Restricts the policy to only clients that create a specific type of tunnel, such as PPTP or L2TP. The Tunnel Type attribute is typically used when you deploy virtual local area networks (VLANs).
RADIUS client properties
Following are the RADIUS client conditions that you can configure in a network policy:
Client computers, such as wireless portable computers and other computers running client operating systems, are not RADIUS clients. RADIUS clients are network access servers—such as wireless access points, 802.1X-capable switches, virtual private network (VPN) servers, and dial-up servers—because they use the RADIUS protocol to communicate with RADIUS servers such as Network Policy Server (NPS) servers.
Calling Station ID
Specifies the network access server telephone number that was dialed by the dial-up access client.
Client Friendly Name
Specifies the name of the RADIUS client that forwarded the connection request to the NPS server.
Client IPv4 Address
Specifies the Internet Protocol (IP) version 4 address of the RADIUS client that forwarded the connection request to the NPS server.
Client IPv6 Address
Specifies the Internet Protocol (IP) version 6 address of the RADIUS client that forwarded the connection request to the NPS server.
Specifies the name of the vendor or manufacturer of the RADIUS client that sends connection requests to the NPS server.
MS RAS Vendor
Specifies the vendor identification number of the network access server that is requesting authentication.
Following are the gateway properties that you can configure in a network policy:
Called Station ID
Allows you to specify the phone number of the network access server that sent the connection request to NPS. If you specify a NAS phone number and NPS receives a connection request from a NAS with a different phone number, the conditions of the policy are not met.

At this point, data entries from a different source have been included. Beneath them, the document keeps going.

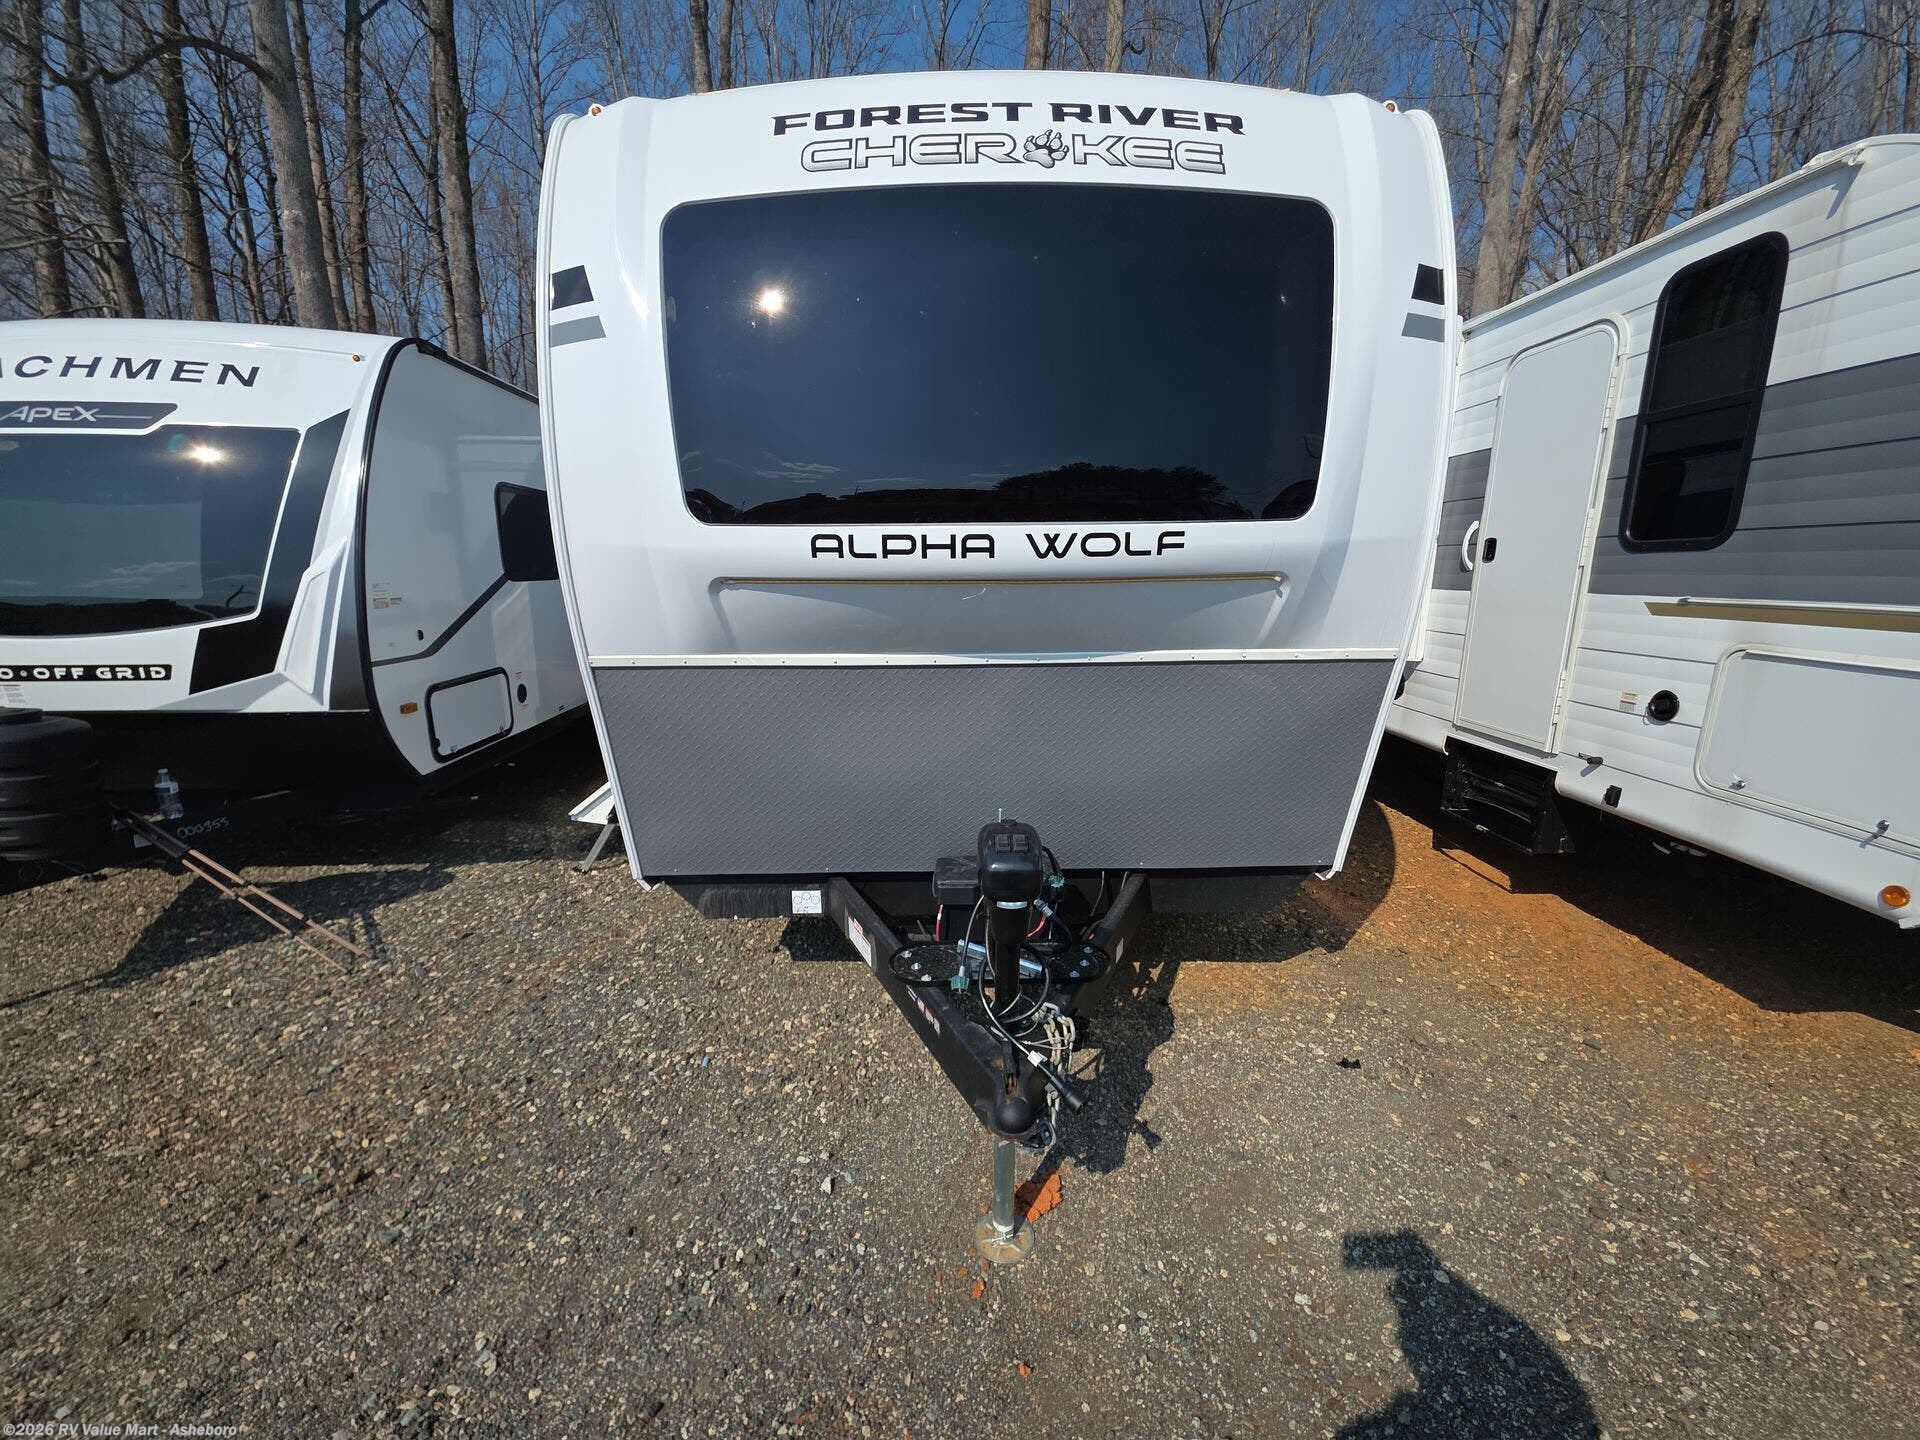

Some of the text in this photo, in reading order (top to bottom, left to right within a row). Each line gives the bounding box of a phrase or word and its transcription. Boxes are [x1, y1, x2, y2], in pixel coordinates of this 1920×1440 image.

[772, 102, 1245, 136] FOREST RIVER
[0, 355, 260, 387] CHMEN
[2, 405, 99, 423] APEX
[811, 530, 1186, 559] ALPHA WOLF
[96, 667, 166, 679] GRID
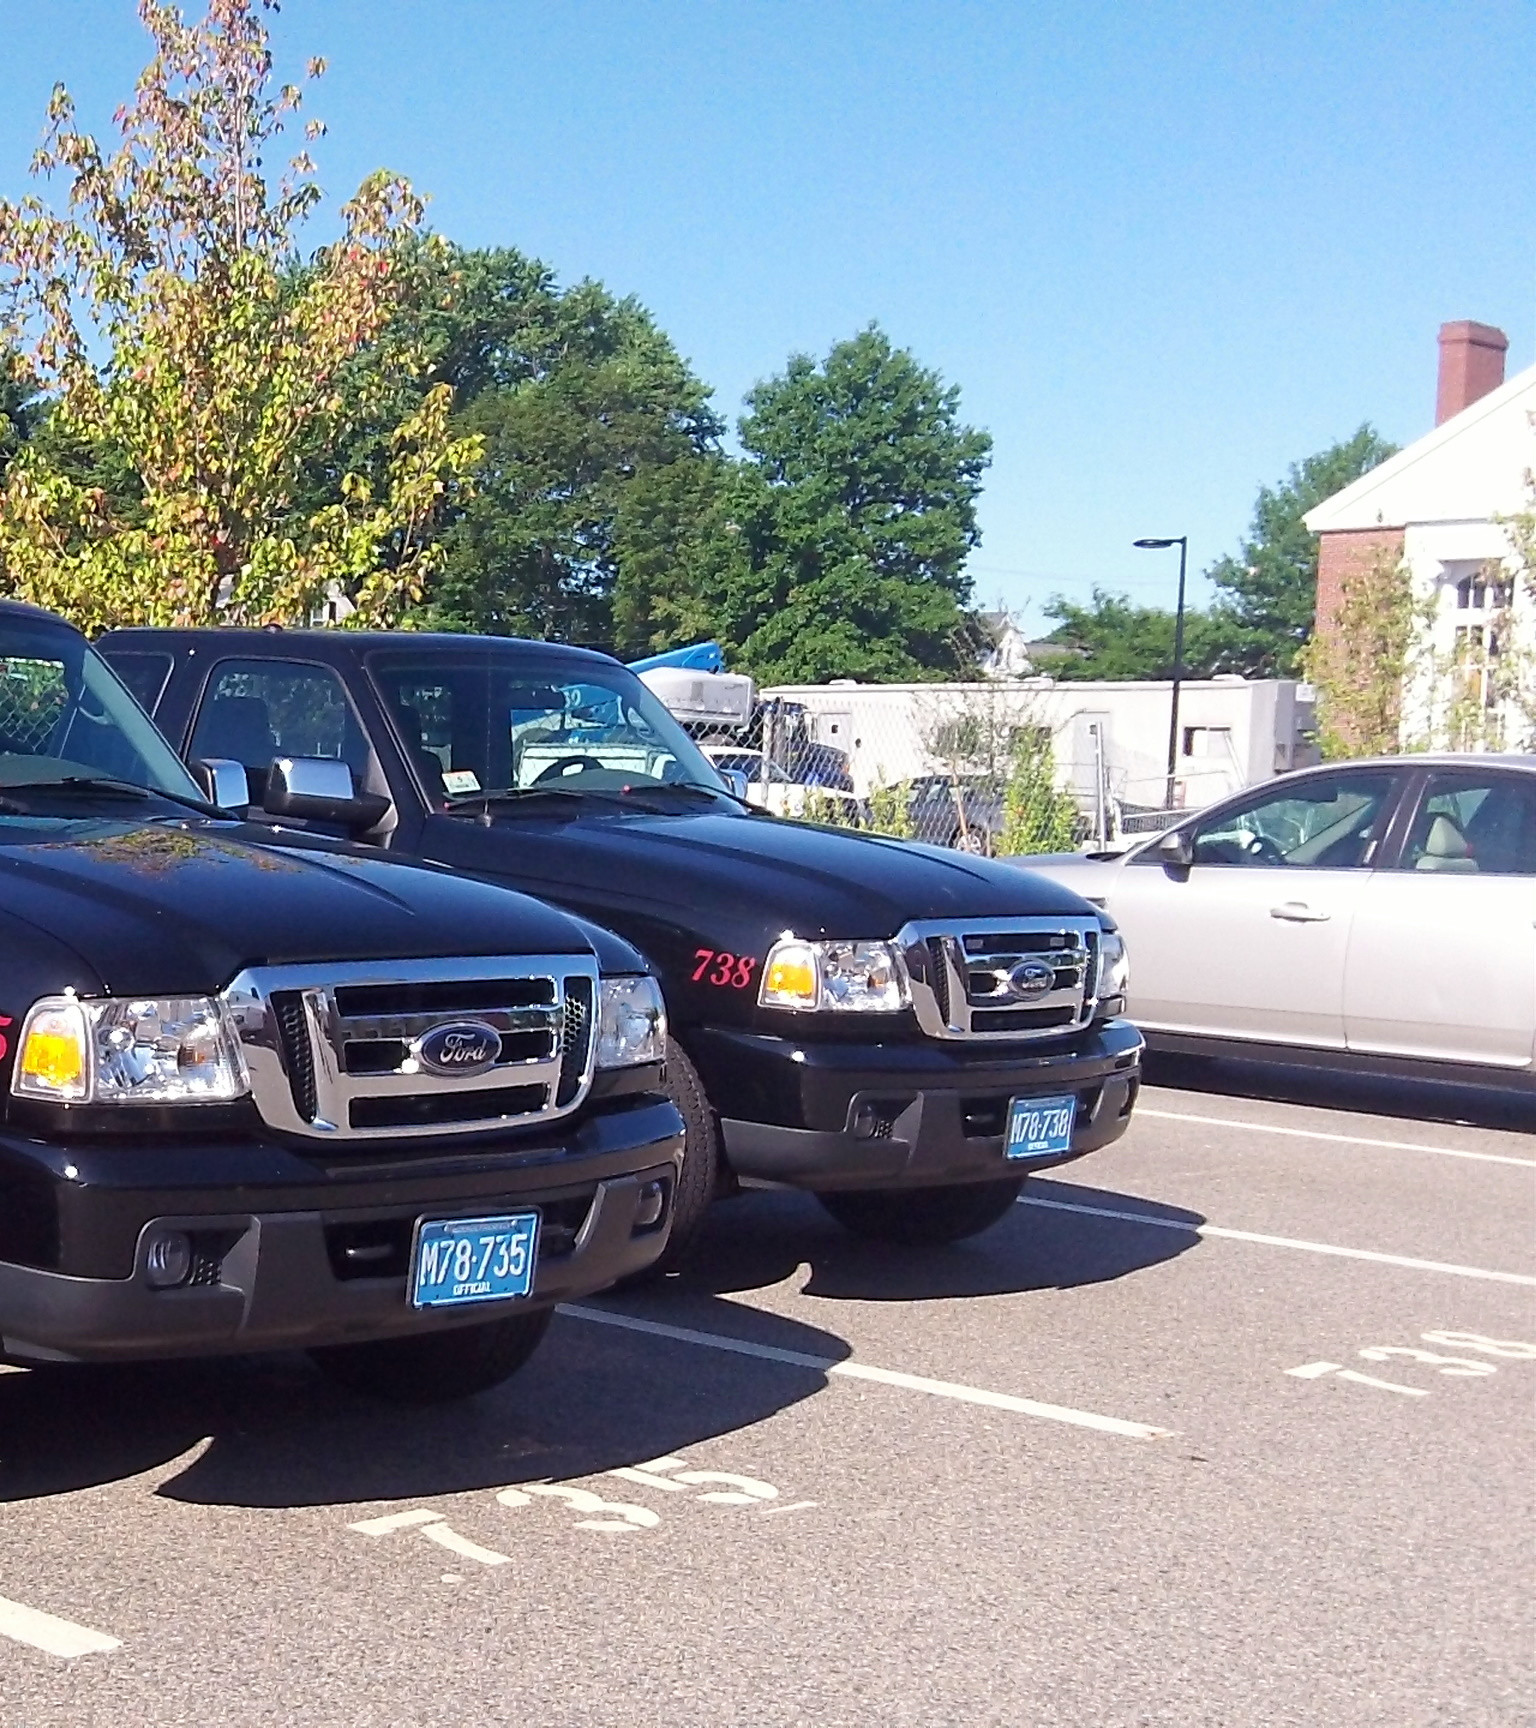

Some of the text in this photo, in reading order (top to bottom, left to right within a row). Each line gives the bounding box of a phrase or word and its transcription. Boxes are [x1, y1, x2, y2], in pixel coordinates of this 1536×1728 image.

[691, 949, 757, 988] 738
[439, 1032, 488, 1064] Ford
[1282, 1329, 1536, 1396] 738
[346, 1456, 780, 1565] 735
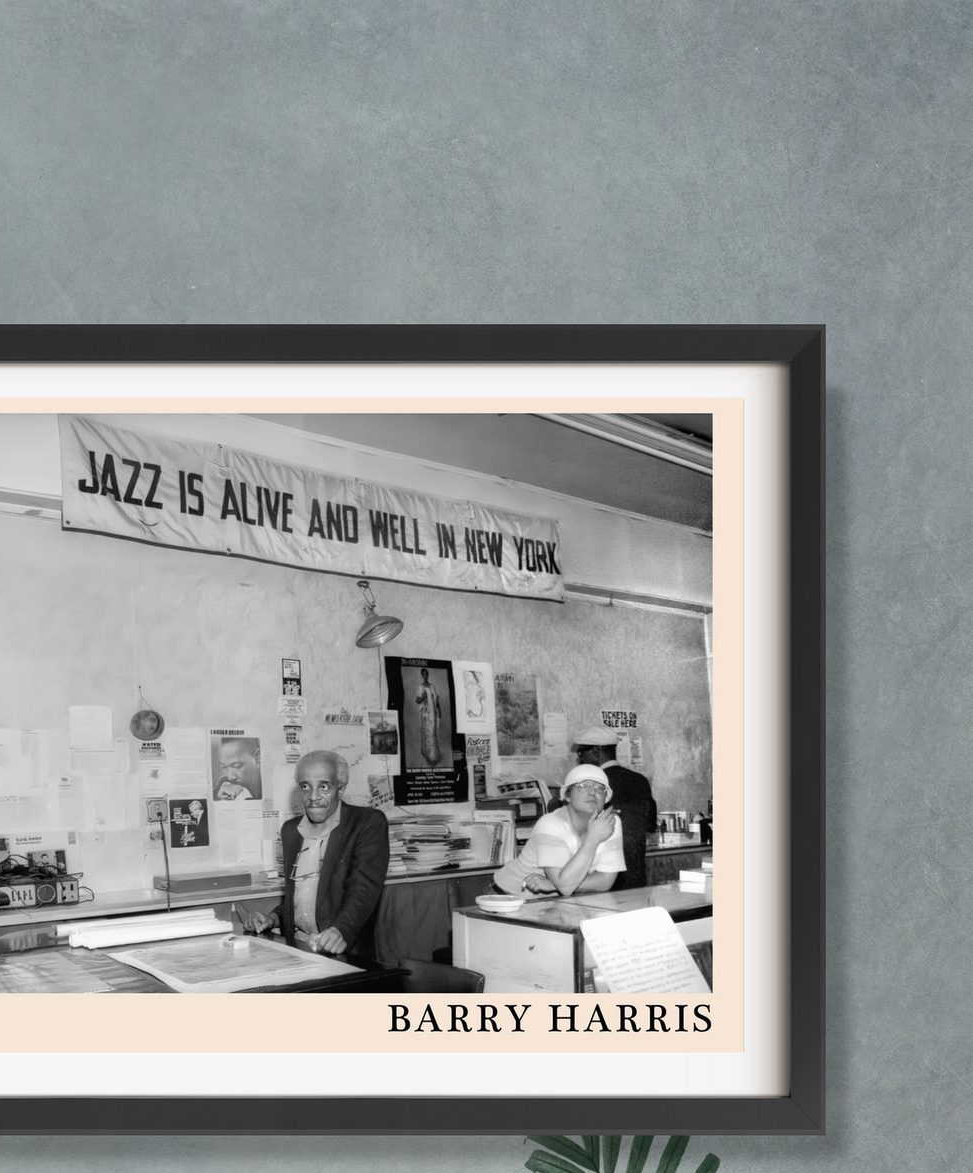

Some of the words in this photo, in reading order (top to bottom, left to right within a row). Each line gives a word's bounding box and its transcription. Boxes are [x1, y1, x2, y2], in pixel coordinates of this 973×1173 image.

[78, 450, 163, 510] JAZZ
[178, 470, 205, 517] IS
[220, 478, 294, 534] ALIVE
[307, 498, 359, 544] AND
[368, 509, 426, 556] WELL
[435, 522, 457, 560] IN
[464, 527, 503, 568] NEW
[512, 536, 562, 576] YORK
[601, 711, 628, 720] TICKETS
[628, 711, 637, 720] ON
[603, 719, 620, 728] SALE
[620, 719, 637, 728] HERE
[467, 737, 490, 746] Posters
[388, 1004, 532, 1033] BARRY
[549, 1004, 712, 1033] HARRIS
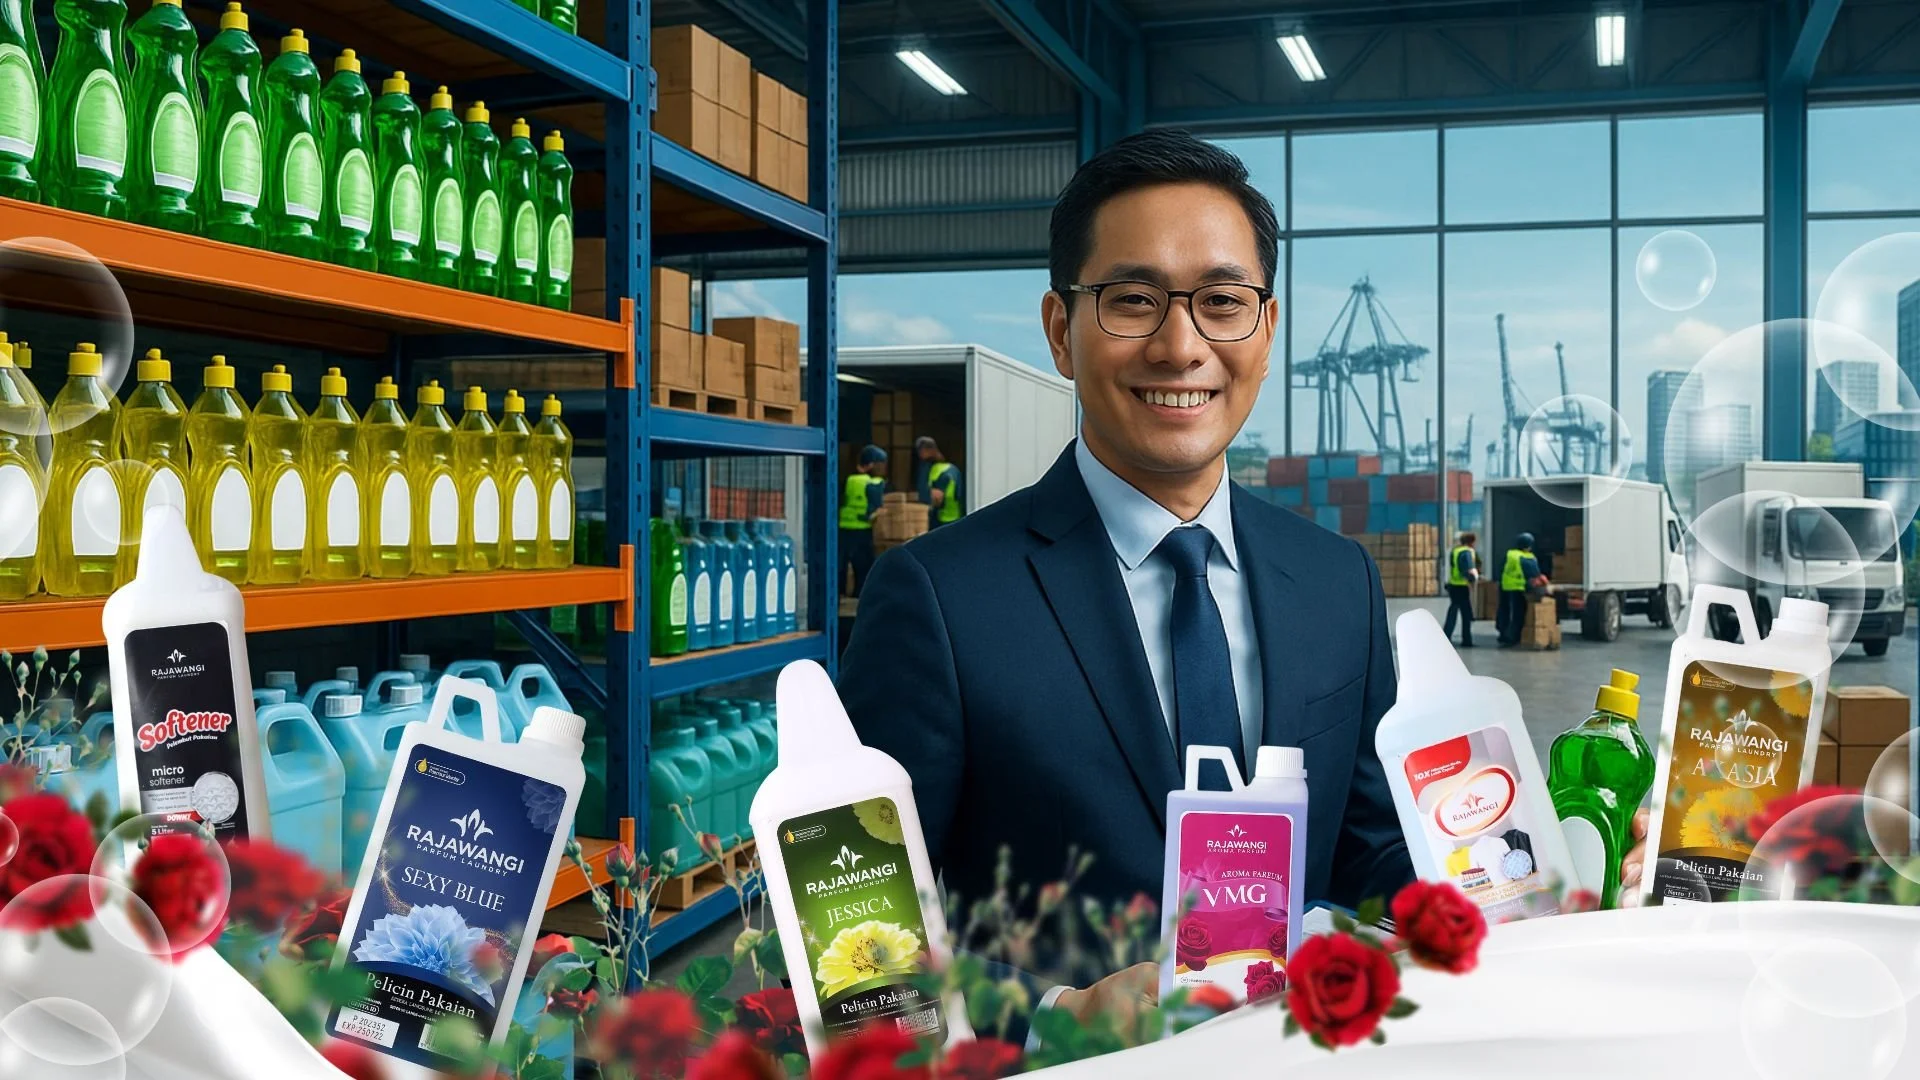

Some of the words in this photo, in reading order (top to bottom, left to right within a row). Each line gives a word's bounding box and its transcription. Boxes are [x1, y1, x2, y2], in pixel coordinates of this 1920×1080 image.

Allows you to specify the name of network access server that sent the connection request to NPS. If you specify a NAS name and NPS receives a connection request from a NAS with a different name, the conditions of the policy are not met.
NAS IPv4 Address
Allows you to specify the IPv4 address of the network access server that sent the connection request to NPS. If you specify a NAS IPv4 address and NPS receives a connection request from a NAS with a different IPv4 address, the conditions of the policy are not met.
NAS IPv6 Address
Allows you to specify the IPv6 address of the network access server that sent the connection request to NPS. If you specify a NAS IPv6 address and NPS receives a connection request from a NAS with a different IPv6 address, the conditions of the policy are not met.
NAS Port Type
Allows you to specify the type of media used by the client computer to connect to the network. For example, if you specify Ethernet, the client computer must be accessing the network over the media type of Ethernet. If you specify a media type and the client computer is connecting to the network over a different media type, the conditions of the policy are not met. For example, if the designated media type is Wireless - IEEE 802.11, and the client computer is attempting to connect to the network by using a media type of Virtual (VPN), the conditions of the policy are not met.